On the 30th of March the Queen proceeded to Windsor Great Park to review the troops who had been engaged in the Ashanti War. The force, 2,000 in number, went through their evolutions in gallant style, and her Majesty with her own hands awarded the Victoria Cross to Lord Gifford for personal bravery in the campaign. On the 13th of April the Queen also inspected the sailors and marines of the Royal Navy who had fought in the Ashanti War. The review took place at Gosport, and many of the officers were, by the Queen’s desire, personally presented to her.

The controversy then raging over Vivisection seemed to have interested her Majesty greatly, for at the Jubilee meeting of the Society for the Prevention of Cruelty to Animals there was read a letter written by Sir Thomas Biddulph by the Queen’s instructions, which ran as follows:—

“My Dear Lord,—The Queen has commanded me to address you, as President of the Society for the Prevention of Cruelty to Animals, on the occasion of the assembly in this country of the foreign delegates connected with your association and of the Jubilee of the Society, to request you to give expression publicly to her Majesty’s warm interest in the success of the efforts which are being made at home and abroad for the purpose of diminishing the cruelties practised on dumb animals. The Queen hears and reads with horror of the sufferings which the brute creation often undergo from the thoughtlessness of the ignorant, and she fears also sometimes from experiments in the pursuit of science. For the removal of the former the Queen trusts much to the progress of education, and in regard to the pursuit of science, she hopes that the entire advantage of those anæsthetic discoveries, from which man has derived so much benefit himself in the alleviation of suffering, may be fully extended to the lower animals. Her Majesty rejoices that the Society awakens the interest of the young by the presentation of prizes for essays connected with the subject, and hears with gratification that her son and daughter-in-law have shown their interest by distributing the prizes. Her Majesty begs to announce a donation of £100 to the funds of the Society.”

On the 23rd of November her Majesty was present, with the Empress of Russia, the Prince and Princess of Wales, and other members of the Royal Family, at the christening of the infant son of the Duke and Duchess of Edinburgh—Prince Alfred of Edinburgh; and on the 3rd of December she received a deputation from France to present her with an Address of thanks for services rendered by Englishmen to the sick and wounded in the war of 1870-71. The Address was contained in four large volumes, which were placed on a table for the purpose of being shown to her Majesty.
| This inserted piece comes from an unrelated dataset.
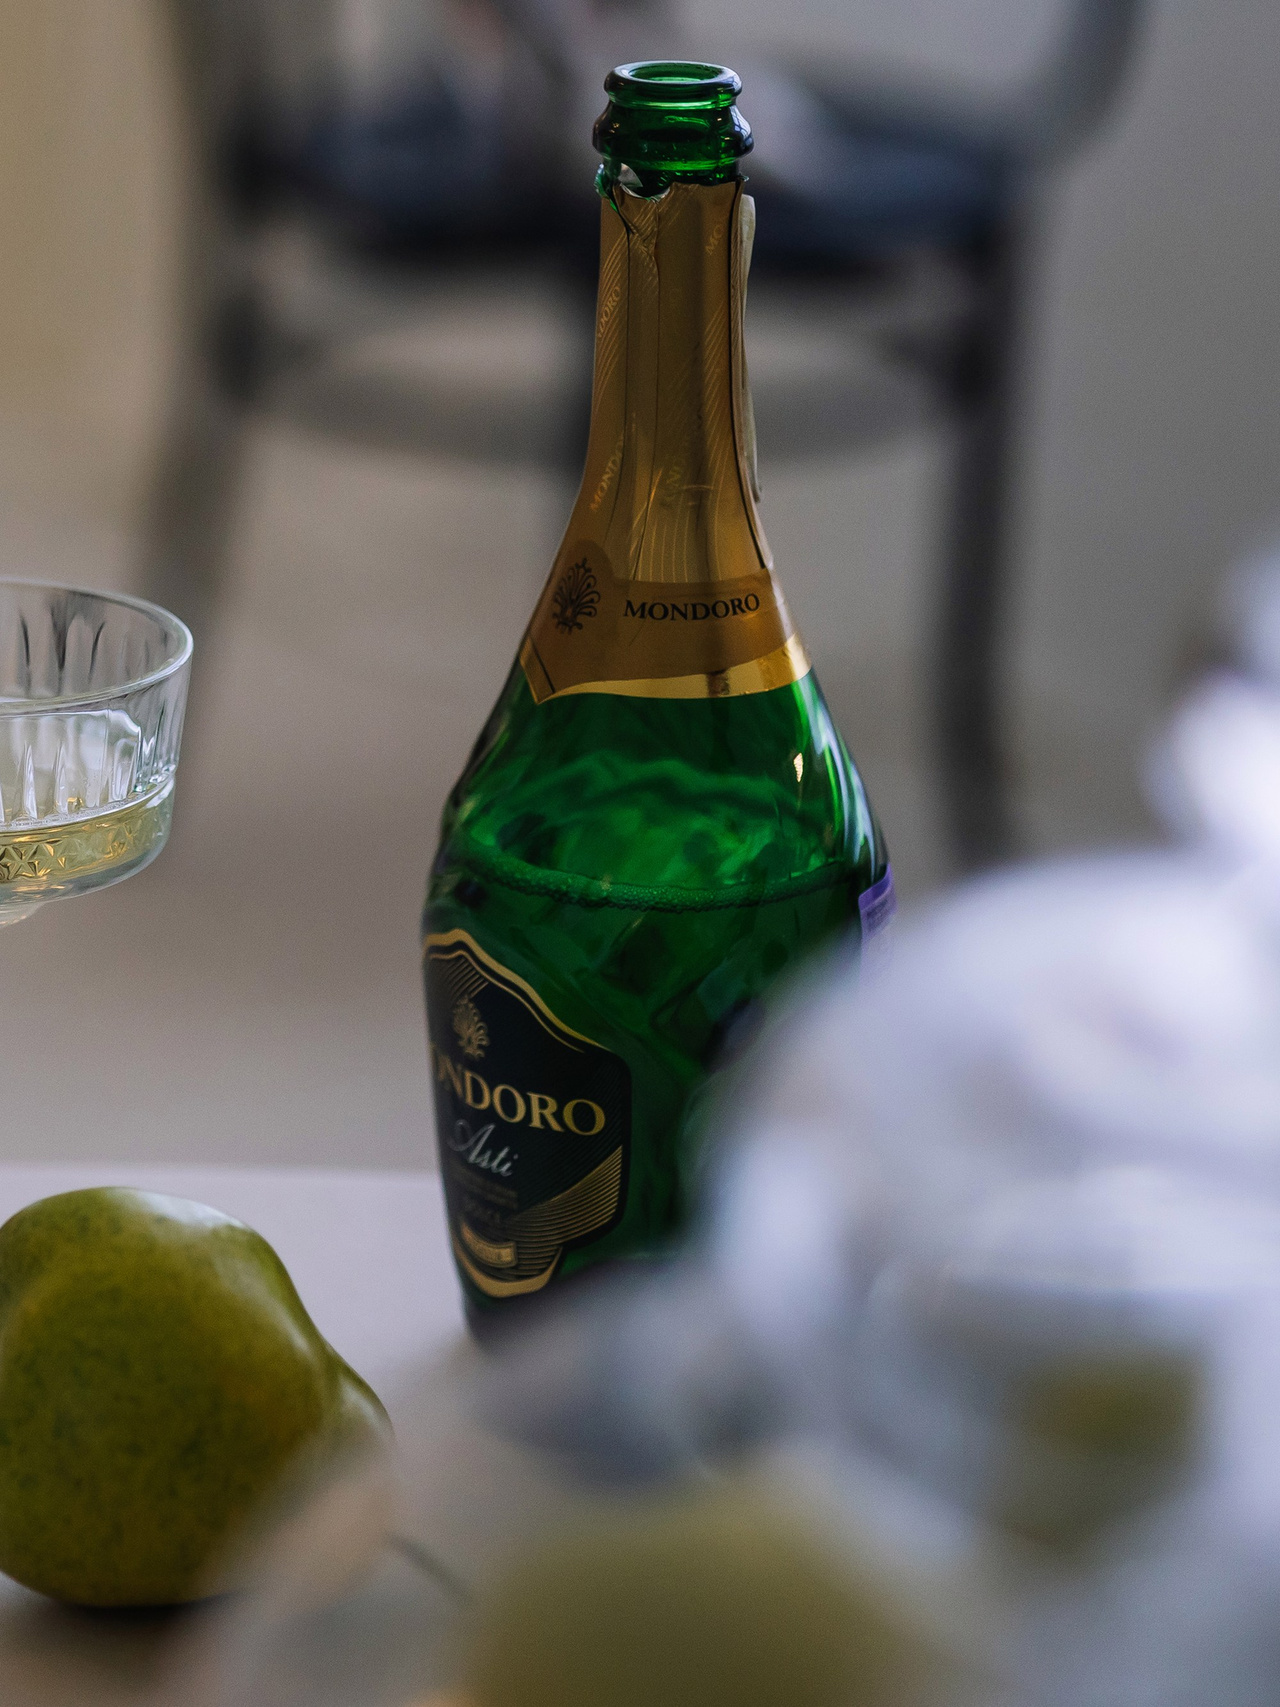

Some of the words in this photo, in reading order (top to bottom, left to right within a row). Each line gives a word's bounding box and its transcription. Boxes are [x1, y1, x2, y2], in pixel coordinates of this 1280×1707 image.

M. d’Agiout and Comte Serrurier explained the nature of their contents. Having accepted the volumes, the Queen said to the deputation in French, “I accept with pleasure the volumes which you have presented, and which will be carefully preserved by me as records of the interesting historical events which they commemorate. They are beautiful as works of art, but their chief value in my eyes is that they form a permanent memorial of the gratitude of the French people for services freely and spontaneously rendered to them by Englishmen acting under a simple impulse of humanity. Your recognition of those services cannot fail to be appreciated by my subjects, and it will increase the friendly and cordial feeling which I am happy to believe exists between the two nations.” The volumes were placed in the British Museum.